# [Input records]
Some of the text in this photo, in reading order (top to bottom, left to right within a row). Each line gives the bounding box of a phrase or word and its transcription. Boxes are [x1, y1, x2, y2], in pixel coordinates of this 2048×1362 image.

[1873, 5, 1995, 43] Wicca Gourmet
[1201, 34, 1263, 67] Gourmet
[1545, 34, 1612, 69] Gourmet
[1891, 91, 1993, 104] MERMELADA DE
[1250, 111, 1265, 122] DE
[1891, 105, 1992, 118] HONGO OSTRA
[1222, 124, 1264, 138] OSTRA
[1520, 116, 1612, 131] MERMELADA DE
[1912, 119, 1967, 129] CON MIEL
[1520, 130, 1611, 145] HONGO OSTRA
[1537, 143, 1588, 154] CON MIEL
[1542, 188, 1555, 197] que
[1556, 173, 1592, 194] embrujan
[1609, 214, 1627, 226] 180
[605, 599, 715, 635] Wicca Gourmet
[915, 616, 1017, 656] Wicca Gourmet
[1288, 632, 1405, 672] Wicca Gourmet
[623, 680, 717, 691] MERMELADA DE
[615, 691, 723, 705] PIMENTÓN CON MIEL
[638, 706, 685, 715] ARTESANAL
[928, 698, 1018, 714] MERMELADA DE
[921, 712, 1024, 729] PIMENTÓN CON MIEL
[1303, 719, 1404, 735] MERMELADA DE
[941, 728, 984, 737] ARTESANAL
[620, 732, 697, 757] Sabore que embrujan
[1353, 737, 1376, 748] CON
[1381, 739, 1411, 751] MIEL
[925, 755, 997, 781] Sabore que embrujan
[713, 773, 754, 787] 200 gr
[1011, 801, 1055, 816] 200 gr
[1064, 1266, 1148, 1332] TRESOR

# [To do]
Starting at the top, retype every line of the material above exactly.

# [Response]
Some of the text in this photo, in reading order (top to bottom, left to right within a row). Each line gives the bounding box of a phrase or word and its transcription. Boxes are [x1, y1, x2, y2], in pixel coordinates of this 2048×1362 image.

[1873, 5, 1995, 43] Wicca Gourmet
[1201, 34, 1263, 67] Gourmet
[1545, 34, 1612, 69] Gourmet
[1891, 91, 1993, 104] MERMELADA DE
[1250, 111, 1265, 122] DE
[1891, 105, 1992, 118] HONGO OSTRA
[1222, 124, 1264, 138] OSTRA
[1520, 116, 1612, 131] MERMELADA DE
[1912, 119, 1967, 129] CON MIEL
[1520, 130, 1611, 145] HONGO OSTRA
[1537, 143, 1588, 154] CON MIEL
[1542, 188, 1555, 197] que
[1556, 173, 1592, 194] embrujan
[1609, 214, 1627, 226] 180
[605, 599, 715, 635] Wicca Gourmet
[915, 616, 1017, 656] Wicca Gourmet
[1288, 632, 1405, 672] Wicca Gourmet
[623, 680, 717, 691] MERMELADA DE
[615, 691, 723, 705] PIMENTÓN CON MIEL
[638, 706, 685, 715] ARTESANAL
[928, 698, 1018, 714] MERMELADA DE
[921, 712, 1024, 729] PIMENTÓN CON MIEL
[1303, 719, 1404, 735] MERMELADA DE
[941, 728, 984, 737] ARTESANAL
[620, 732, 697, 757] Sabore que embrujan
[1353, 737, 1376, 748] CON
[1381, 739, 1411, 751] MIEL
[925, 755, 997, 781] Sabore que embrujan
[713, 773, 754, 787] 200 gr
[1011, 801, 1055, 816] 200 gr
[1064, 1266, 1148, 1332] TRESOR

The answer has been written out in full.